* **TASK BRIEF**:
Output exactly, please, the lines of the records below from the one containing "Some of the text" through the final line.

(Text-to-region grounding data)
--- START ---

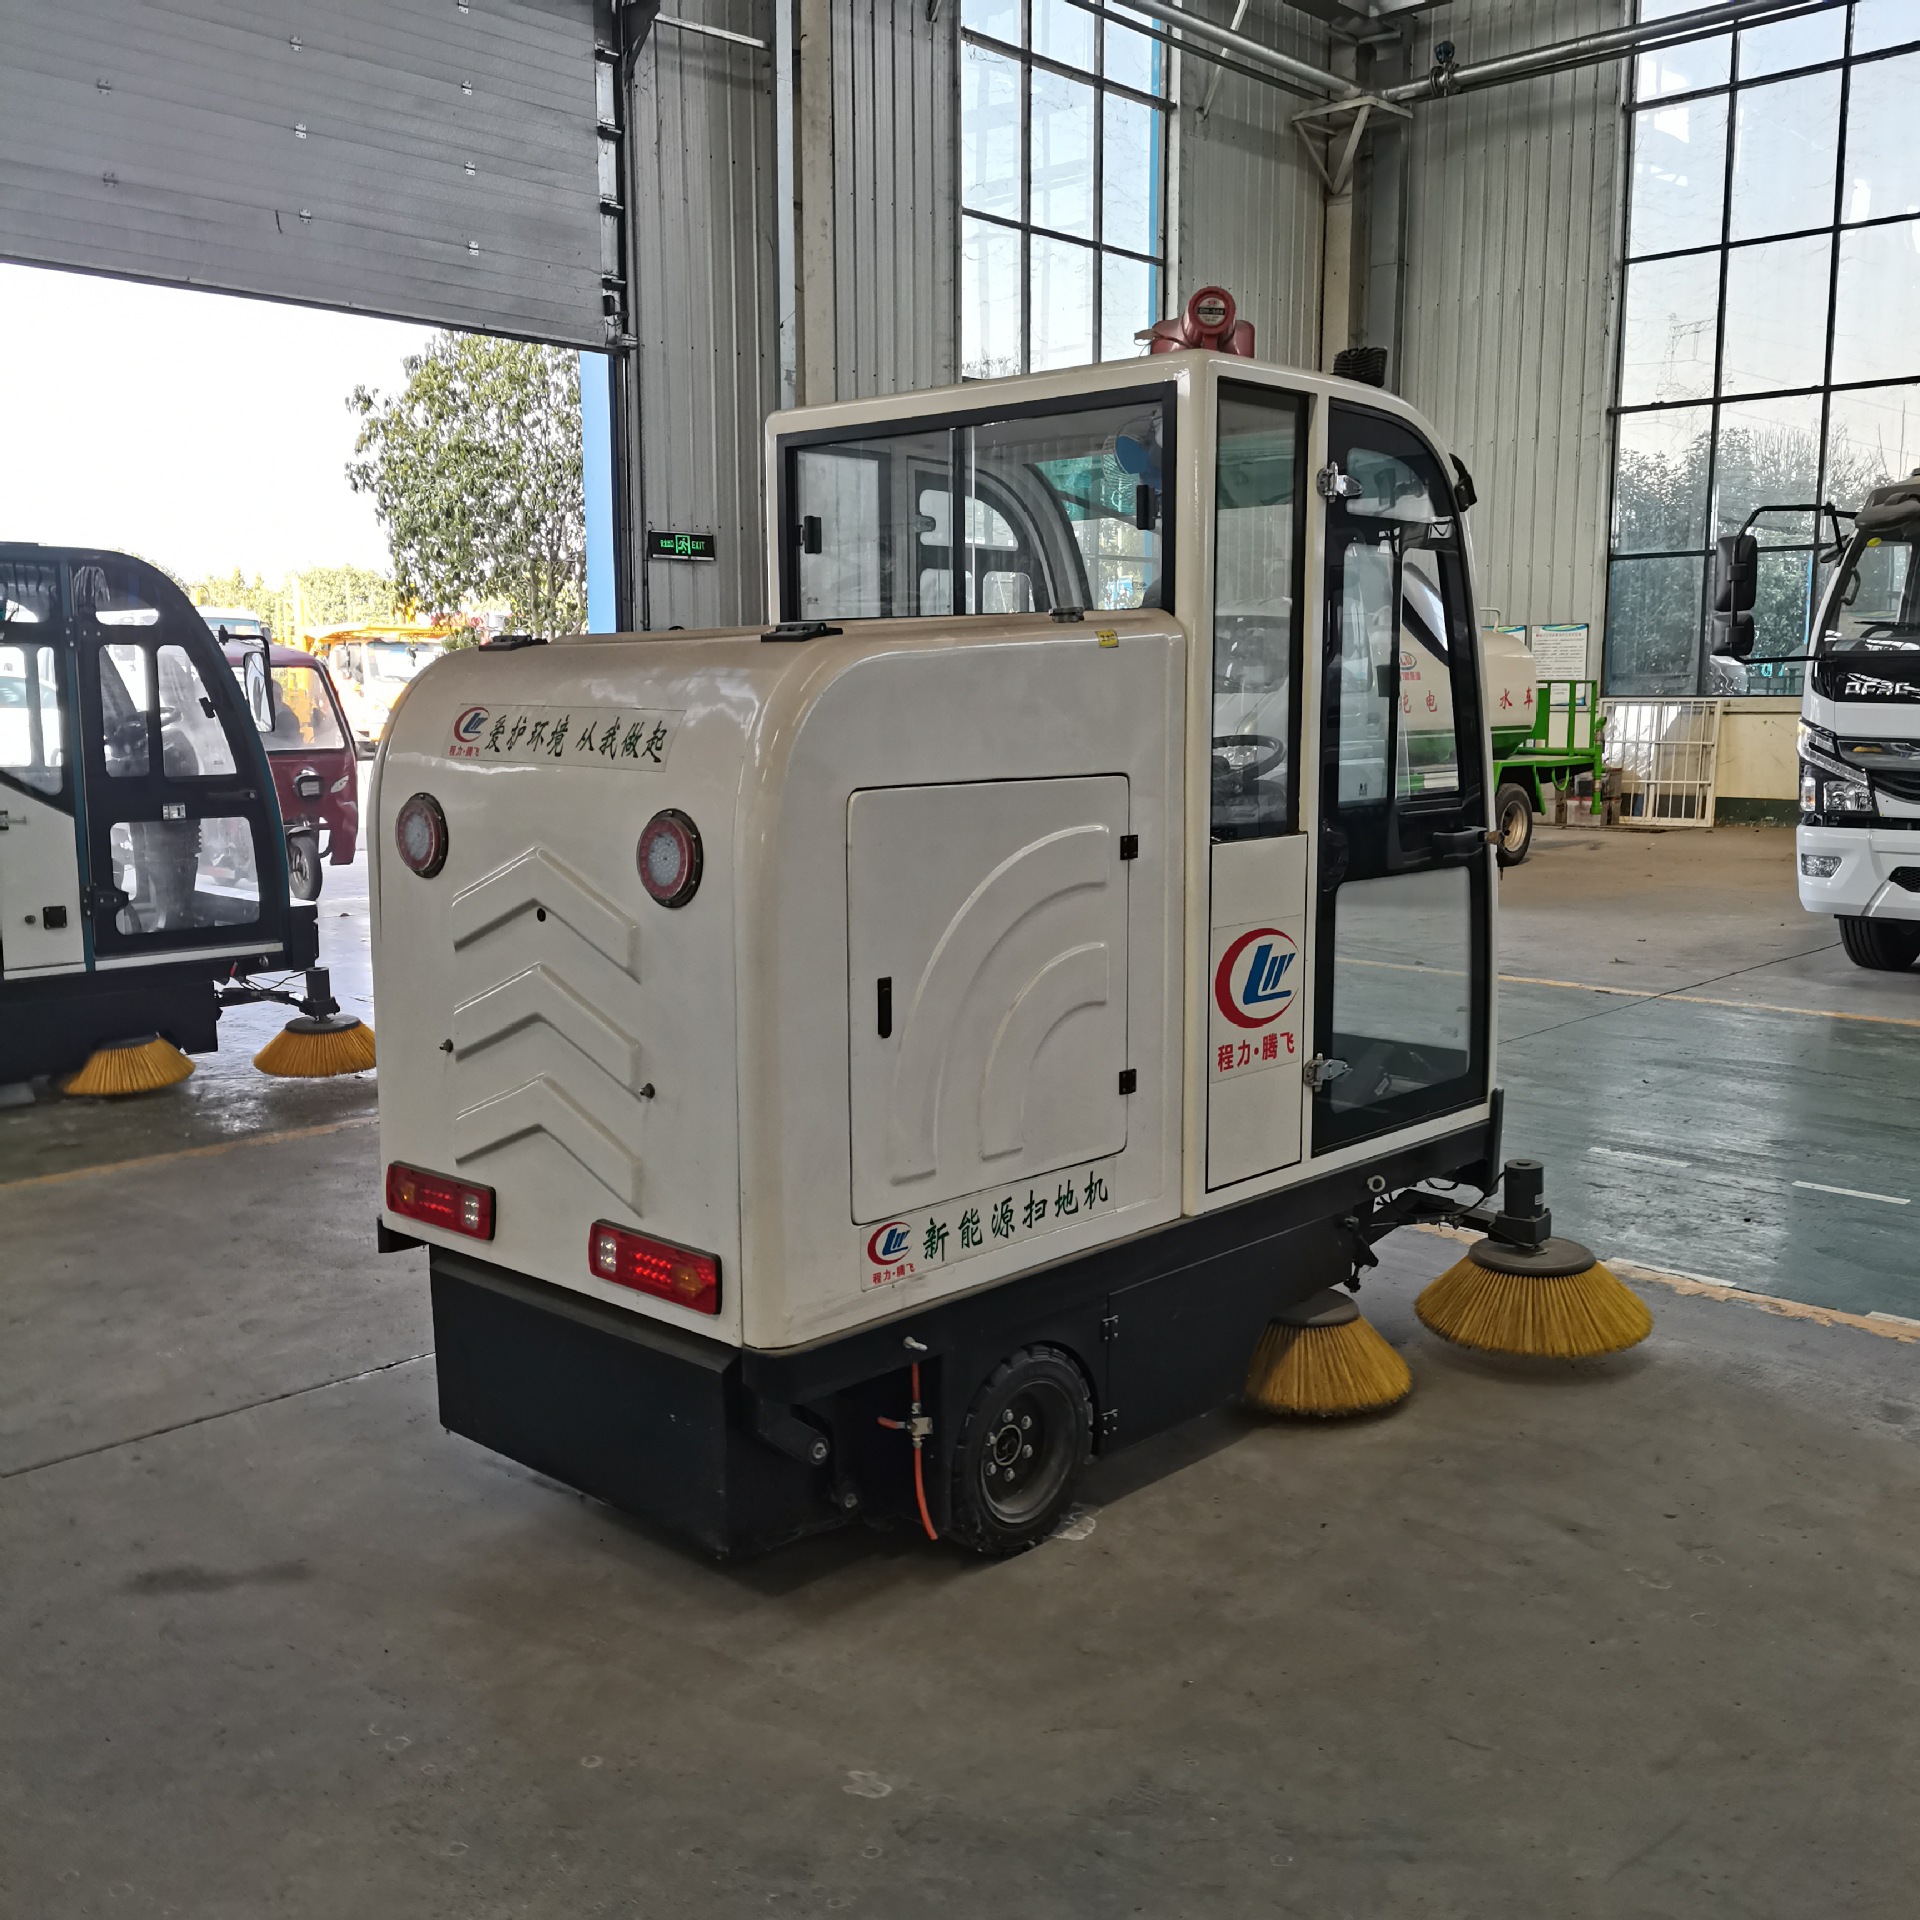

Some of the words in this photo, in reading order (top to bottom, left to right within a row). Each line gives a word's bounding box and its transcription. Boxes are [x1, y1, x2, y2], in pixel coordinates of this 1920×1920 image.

[691, 540, 705, 551] EXIT
[485, 714, 570, 757] 爱护环境
[575, 716, 668, 763] 从我做起
[922, 1170, 1109, 1262] 新能源扫地机
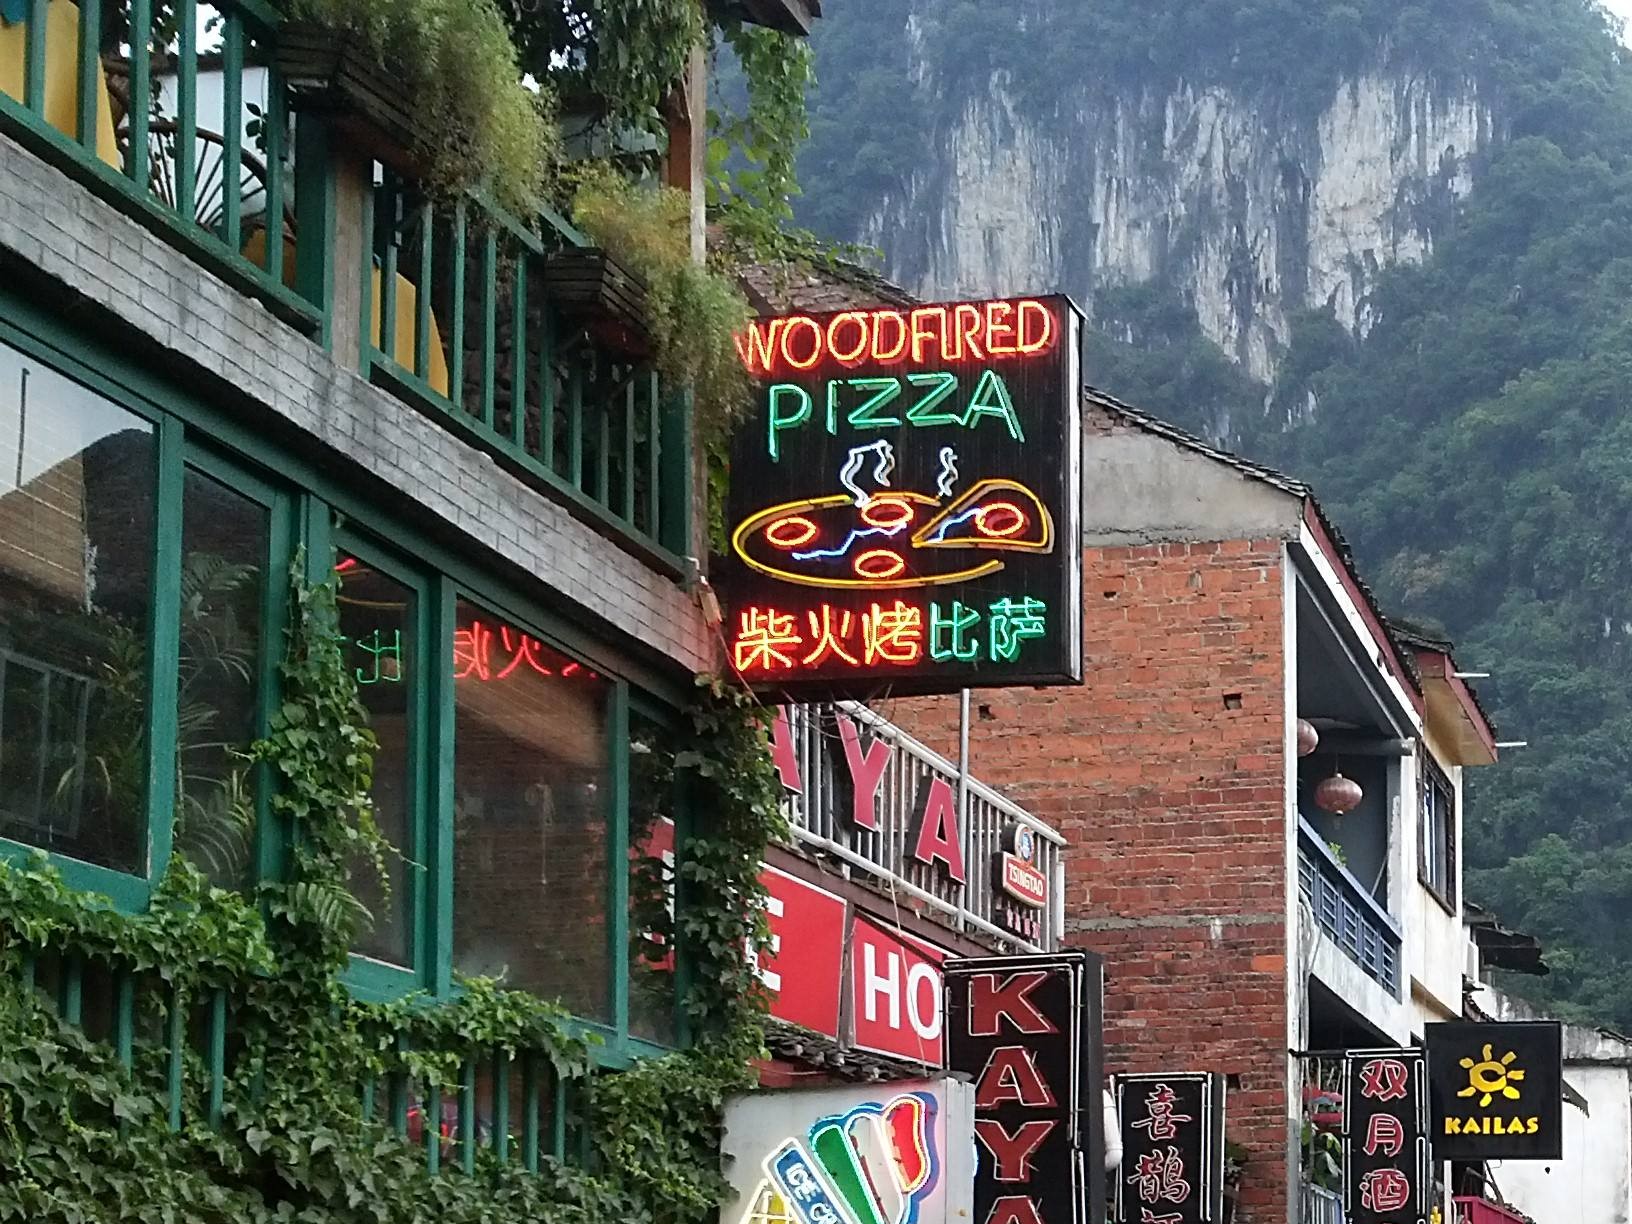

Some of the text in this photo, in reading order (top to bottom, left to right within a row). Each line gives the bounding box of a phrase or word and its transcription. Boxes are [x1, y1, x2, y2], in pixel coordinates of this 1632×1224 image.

[735, 300, 1056, 372] WOODFIRED
[769, 369, 1025, 462] PIZZA
[735, 596, 1046, 672] 柴火烤比萨
[1007, 861, 1045, 898] TSINGTAO
[1444, 1116, 1540, 1136] KAILAS
[785, 1161, 819, 1203] ICE

--- END ---

* **WRITTEN ANSWER**:
Some of the text in this photo, in reading order (top to bottom, left to right within a row). Each line gives the bounding box of a phrase or word and its transcription. Boxes are [x1, y1, x2, y2], in pixel coordinates of this 1632×1224 image.

[735, 300, 1056, 372] WOODFIRED
[769, 369, 1025, 462] PIZZA
[735, 596, 1046, 672] 柴火烤比萨
[1007, 861, 1045, 898] TSINGTAO
[1444, 1116, 1540, 1136] KAILAS
[785, 1161, 819, 1203] ICE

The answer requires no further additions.